The CHICKEN compiler translates Scheme to C, and then calls upon the system C compiler to turn that C into executable files, object files or shared object files.

To build an executable called foo from the file foo.scm:

csc foo.scm

To build a shared object foo.so which can be loaded into a running Scheme program using load:

csc -shared foo.scm

To build a shared object for embedding into a C program:

csc -shared -embedded foo.scm

Shell command

The translator is called chicken, but for most normal uses you want to use the csc frontend which will call the C compiler for you.

Help

csc -help shows usage. There is also a manpage: man csc.

The CHICKEN manual has details.

The CHICKEN mailing list and IRC channel are the best places to ask for help with more difficult problems.

Showing optimized Scheme code

This command will show you the expressions after final analysis, in CPS form:

csc -debug 7 foo.scm

Viewing generated C code

By default, the compiler will delete the intermediate C files it generates. To keep generated files, use -k:

csc -k foo.scm

Showing disassembly of compiled Scheme code

csc foo.scm && objdump -d foo

Gambit Scheme

Overview

The Gambit compiler translates Scheme to C, and then calls upon the system C compiler to turn that C into standard object files (ELF, COFF or Mach-O).

Shell command

The compiler is gsc (also accessible by the alias gsc-script — on some operating systems gsc is GhostScript, not Gambit). gsc is the same program as the interpreter gsi but includes extra libraries that implement the compiler.

Help

gsc -help shows usage.

The Gambit manual has details.

The Gambit mailing list is the best place to ask for help with more difficult problems.
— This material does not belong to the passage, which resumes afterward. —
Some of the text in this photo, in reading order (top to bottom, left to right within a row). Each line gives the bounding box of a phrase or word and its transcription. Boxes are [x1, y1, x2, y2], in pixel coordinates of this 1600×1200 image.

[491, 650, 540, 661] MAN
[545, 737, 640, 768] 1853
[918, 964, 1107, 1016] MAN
Showing optimized Scheme code

gsc -expansion foo.scm

Showing disassembly of compiled Scheme code

rm -f foo.o1 && gsc foo.scm && objdump -d foo.o1

Caveats

  • gsc generates object files foo.o1, foo.o2, foo.o3, etc. These are ordinary object files like foo.o from the C compiler but have a running number at the end of the filename. Beware of commands like objdump -d foo.o1 that refer to a particular number; it may be an old object file left over from a previous gsc run.

  • If a pre-release version of gsc produces a mysterious failure, try removing all object and executable files generated by previous runs in the same directory and compiling your code from scratch. gsc can use existing files as cached build steps, and things sometimes get out of sync.